● **Dataset excerpts**:
◆ ◆ ◆ ◆ ◆

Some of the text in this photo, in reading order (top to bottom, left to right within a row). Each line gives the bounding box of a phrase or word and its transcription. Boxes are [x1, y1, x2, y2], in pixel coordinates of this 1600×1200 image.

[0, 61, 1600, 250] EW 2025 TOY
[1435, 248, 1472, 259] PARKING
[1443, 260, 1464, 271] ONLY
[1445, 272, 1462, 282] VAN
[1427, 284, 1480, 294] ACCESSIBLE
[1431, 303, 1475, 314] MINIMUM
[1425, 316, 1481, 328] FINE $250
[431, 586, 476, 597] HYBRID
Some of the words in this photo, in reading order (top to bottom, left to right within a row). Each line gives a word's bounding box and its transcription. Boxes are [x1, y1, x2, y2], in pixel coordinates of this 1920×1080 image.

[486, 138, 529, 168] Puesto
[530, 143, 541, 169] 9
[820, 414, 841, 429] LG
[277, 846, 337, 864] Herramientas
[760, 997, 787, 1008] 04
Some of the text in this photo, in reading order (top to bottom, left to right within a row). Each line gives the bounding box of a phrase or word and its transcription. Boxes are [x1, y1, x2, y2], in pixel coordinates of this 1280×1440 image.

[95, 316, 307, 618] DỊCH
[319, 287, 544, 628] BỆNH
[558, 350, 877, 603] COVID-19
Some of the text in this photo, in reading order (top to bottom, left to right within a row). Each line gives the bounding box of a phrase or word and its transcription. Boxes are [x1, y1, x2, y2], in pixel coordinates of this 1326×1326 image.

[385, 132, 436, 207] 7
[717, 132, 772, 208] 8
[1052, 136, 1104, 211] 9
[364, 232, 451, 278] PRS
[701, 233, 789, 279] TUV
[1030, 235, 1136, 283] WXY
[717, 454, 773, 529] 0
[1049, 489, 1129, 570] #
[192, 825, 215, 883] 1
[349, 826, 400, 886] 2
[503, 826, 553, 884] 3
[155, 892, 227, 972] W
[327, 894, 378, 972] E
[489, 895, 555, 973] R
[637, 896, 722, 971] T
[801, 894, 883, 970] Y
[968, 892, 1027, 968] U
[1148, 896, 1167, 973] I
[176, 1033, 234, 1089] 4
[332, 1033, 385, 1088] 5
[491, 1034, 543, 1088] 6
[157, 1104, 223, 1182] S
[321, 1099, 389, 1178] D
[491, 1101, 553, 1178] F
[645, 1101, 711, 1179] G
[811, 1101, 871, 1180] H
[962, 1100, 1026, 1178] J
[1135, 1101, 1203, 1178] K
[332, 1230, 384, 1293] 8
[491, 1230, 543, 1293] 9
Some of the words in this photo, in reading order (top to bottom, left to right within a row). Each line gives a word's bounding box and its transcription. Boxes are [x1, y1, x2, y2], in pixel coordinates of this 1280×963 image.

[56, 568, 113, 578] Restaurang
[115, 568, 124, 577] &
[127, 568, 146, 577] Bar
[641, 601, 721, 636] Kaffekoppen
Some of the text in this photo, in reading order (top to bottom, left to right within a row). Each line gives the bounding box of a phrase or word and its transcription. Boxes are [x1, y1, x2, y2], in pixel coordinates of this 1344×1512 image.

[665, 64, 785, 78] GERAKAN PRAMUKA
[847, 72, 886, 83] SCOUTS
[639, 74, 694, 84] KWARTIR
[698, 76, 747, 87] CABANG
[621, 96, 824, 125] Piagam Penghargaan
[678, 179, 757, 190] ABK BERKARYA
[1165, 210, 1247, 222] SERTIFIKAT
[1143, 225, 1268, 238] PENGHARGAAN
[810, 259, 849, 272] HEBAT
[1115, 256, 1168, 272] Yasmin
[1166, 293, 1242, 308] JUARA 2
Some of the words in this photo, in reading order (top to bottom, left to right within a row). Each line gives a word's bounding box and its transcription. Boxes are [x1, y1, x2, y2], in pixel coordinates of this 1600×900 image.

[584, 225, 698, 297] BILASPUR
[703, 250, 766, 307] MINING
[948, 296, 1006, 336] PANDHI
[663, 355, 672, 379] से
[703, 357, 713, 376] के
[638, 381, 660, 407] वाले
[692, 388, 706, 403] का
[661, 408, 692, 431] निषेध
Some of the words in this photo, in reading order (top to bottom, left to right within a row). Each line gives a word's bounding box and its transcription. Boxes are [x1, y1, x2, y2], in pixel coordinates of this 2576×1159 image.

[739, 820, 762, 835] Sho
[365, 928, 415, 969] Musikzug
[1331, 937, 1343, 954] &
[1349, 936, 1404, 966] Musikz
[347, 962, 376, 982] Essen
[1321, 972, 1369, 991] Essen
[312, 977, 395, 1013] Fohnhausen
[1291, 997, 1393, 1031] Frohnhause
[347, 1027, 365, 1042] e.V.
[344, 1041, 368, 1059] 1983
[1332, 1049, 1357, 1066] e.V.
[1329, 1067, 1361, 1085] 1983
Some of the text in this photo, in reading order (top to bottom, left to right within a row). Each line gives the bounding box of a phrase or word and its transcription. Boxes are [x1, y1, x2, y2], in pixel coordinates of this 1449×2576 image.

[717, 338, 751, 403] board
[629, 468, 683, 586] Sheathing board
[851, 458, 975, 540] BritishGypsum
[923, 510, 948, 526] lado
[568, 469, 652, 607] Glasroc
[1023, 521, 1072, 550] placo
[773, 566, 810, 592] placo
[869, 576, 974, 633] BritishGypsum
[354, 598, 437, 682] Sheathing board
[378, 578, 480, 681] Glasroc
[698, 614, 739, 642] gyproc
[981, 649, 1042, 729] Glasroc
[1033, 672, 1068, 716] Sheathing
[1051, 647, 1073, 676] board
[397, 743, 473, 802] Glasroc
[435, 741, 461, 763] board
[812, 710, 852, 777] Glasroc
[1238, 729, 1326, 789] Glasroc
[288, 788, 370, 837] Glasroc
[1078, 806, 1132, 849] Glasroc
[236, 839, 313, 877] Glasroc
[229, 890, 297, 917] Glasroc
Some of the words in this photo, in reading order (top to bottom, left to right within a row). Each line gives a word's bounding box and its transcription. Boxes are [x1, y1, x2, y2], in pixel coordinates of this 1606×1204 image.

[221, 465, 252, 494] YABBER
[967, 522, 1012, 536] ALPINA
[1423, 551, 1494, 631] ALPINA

◆ ◆ ◆ ◆ ◆

● **WHAT IS EXPECTED**:
Set down each record verbatim.

● **RESPONSE TO THIS EXERCISE**:
Some of the text in this photo, in reading order (top to bottom, left to right within a row). Each line gives the bounding box of a phrase or word and its transcription. Boxes are [x1, y1, x2, y2], in pixel coordinates of this 1600×1200 image.

[0, 61, 1600, 250] EW 2025 TOY
[1435, 248, 1472, 259] PARKING
[1443, 260, 1464, 271] ONLY
[1445, 272, 1462, 282] VAN
[1427, 284, 1480, 294] ACCESSIBLE
[1431, 303, 1475, 314] MINIMUM
[1425, 316, 1481, 328] FINE $250
[431, 586, 476, 597] HYBRID
Some of the words in this photo, in reading order (top to bottom, left to right within a row). Each line gives a word's bounding box and its transcription. Boxes are [x1, y1, x2, y2], in pixel coordinates of this 1920×1080 image.

[486, 138, 529, 168] Puesto
[530, 143, 541, 169] 9
[820, 414, 841, 429] LG
[277, 846, 337, 864] Herramientas
[760, 997, 787, 1008] 04
Some of the text in this photo, in reading order (top to bottom, left to right within a row). Each line gives the bounding box of a phrase or word and its transcription. Boxes are [x1, y1, x2, y2], in pixel coordinates of this 1280×1440 image.

[95, 316, 307, 618] DỊCH
[319, 287, 544, 628] BỆNH
[558, 350, 877, 603] COVID-19
Some of the text in this photo, in reading order (top to bottom, left to right within a row). Each line gives the bounding box of a phrase or word and its transcription. Boxes are [x1, y1, x2, y2], in pixel coordinates of this 1326×1326 image.

[385, 132, 436, 207] 7
[717, 132, 772, 208] 8
[1052, 136, 1104, 211] 9
[364, 232, 451, 278] PRS
[701, 233, 789, 279] TUV
[1030, 235, 1136, 283] WXY
[717, 454, 773, 529] 0
[1049, 489, 1129, 570] #
[192, 825, 215, 883] 1
[349, 826, 400, 886] 2
[503, 826, 553, 884] 3
[155, 892, 227, 972] W
[327, 894, 378, 972] E
[489, 895, 555, 973] R
[637, 896, 722, 971] T
[801, 894, 883, 970] Y
[968, 892, 1027, 968] U
[1148, 896, 1167, 973] I
[176, 1033, 234, 1089] 4
[332, 1033, 385, 1088] 5
[491, 1034, 543, 1088] 6
[157, 1104, 223, 1182] S
[321, 1099, 389, 1178] D
[491, 1101, 553, 1178] F
[645, 1101, 711, 1179] G
[811, 1101, 871, 1180] H
[962, 1100, 1026, 1178] J
[1135, 1101, 1203, 1178] K
[332, 1230, 384, 1293] 8
[491, 1230, 543, 1293] 9
Some of the words in this photo, in reading order (top to bottom, left to right within a row). Each line gives a word's bounding box and its transcription. Boxes are [x1, y1, x2, y2], in pixel coordinates of this 1280×963 image.

[56, 568, 113, 578] Restaurang
[115, 568, 124, 577] &
[127, 568, 146, 577] Bar
[641, 601, 721, 636] Kaffekoppen
Some of the text in this photo, in reading order (top to bottom, left to right within a row). Each line gives the bounding box of a phrase or word and its transcription. Boxes are [x1, y1, x2, y2], in pixel coordinates of this 1344×1512 image.

[665, 64, 785, 78] GERAKAN PRAMUKA
[847, 72, 886, 83] SCOUTS
[639, 74, 694, 84] KWARTIR
[698, 76, 747, 87] CABANG
[621, 96, 824, 125] Piagam Penghargaan
[678, 179, 757, 190] ABK BERKARYA
[1165, 210, 1247, 222] SERTIFIKAT
[1143, 225, 1268, 238] PENGHARGAAN
[810, 259, 849, 272] HEBAT
[1115, 256, 1168, 272] Yasmin
[1166, 293, 1242, 308] JUARA 2
Some of the words in this photo, in reading order (top to bottom, left to right within a row). Each line gives a word's bounding box and its transcription. Boxes are [x1, y1, x2, y2], in pixel coordinates of this 1600×900 image.

[584, 225, 698, 297] BILASPUR
[703, 250, 766, 307] MINING
[948, 296, 1006, 336] PANDHI
[663, 355, 672, 379] से
[703, 357, 713, 376] के
[638, 381, 660, 407] वाले
[692, 388, 706, 403] का
[661, 408, 692, 431] निषेध
Some of the words in this photo, in reading order (top to bottom, left to right within a row). Each line gives a word's bounding box and its transcription. Boxes are [x1, y1, x2, y2], in pixel coordinates of this 2576×1159 image.

[739, 820, 762, 835] Sho
[365, 928, 415, 969] Musikzug
[1331, 937, 1343, 954] &
[1349, 936, 1404, 966] Musikz
[347, 962, 376, 982] Essen
[1321, 972, 1369, 991] Essen
[312, 977, 395, 1013] Fohnhausen
[1291, 997, 1393, 1031] Frohnhause
[347, 1027, 365, 1042] e.V.
[344, 1041, 368, 1059] 1983
[1332, 1049, 1357, 1066] e.V.
[1329, 1067, 1361, 1085] 1983
Some of the text in this photo, in reading order (top to bottom, left to right within a row). Each line gives the bounding box of a phrase or word and its transcription. Boxes are [x1, y1, x2, y2], in pixel coordinates of this 1449×2576 image.

[717, 338, 751, 403] board
[629, 468, 683, 586] Sheathing board
[851, 458, 975, 540] BritishGypsum
[923, 510, 948, 526] lado
[568, 469, 652, 607] Glasroc
[1023, 521, 1072, 550] placo
[773, 566, 810, 592] placo
[869, 576, 974, 633] BritishGypsum
[354, 598, 437, 682] Sheathing board
[378, 578, 480, 681] Glasroc
[698, 614, 739, 642] gyproc
[981, 649, 1042, 729] Glasroc
[1033, 672, 1068, 716] Sheathing
[1051, 647, 1073, 676] board
[397, 743, 473, 802] Glasroc
[435, 741, 461, 763] board
[812, 710, 852, 777] Glasroc
[1238, 729, 1326, 789] Glasroc
[288, 788, 370, 837] Glasroc
[1078, 806, 1132, 849] Glasroc
[236, 839, 313, 877] Glasroc
[229, 890, 297, 917] Glasroc
Some of the words in this photo, in reading order (top to bottom, left to right within a row). Each line gives a word's bounding box and its transcription. Boxes are [x1, y1, x2, y2], in pixel coordinates of this 1606×1204 image.

[221, 465, 252, 494] YABBER
[967, 522, 1012, 536] ALPINA
[1423, 551, 1494, 631] ALPINA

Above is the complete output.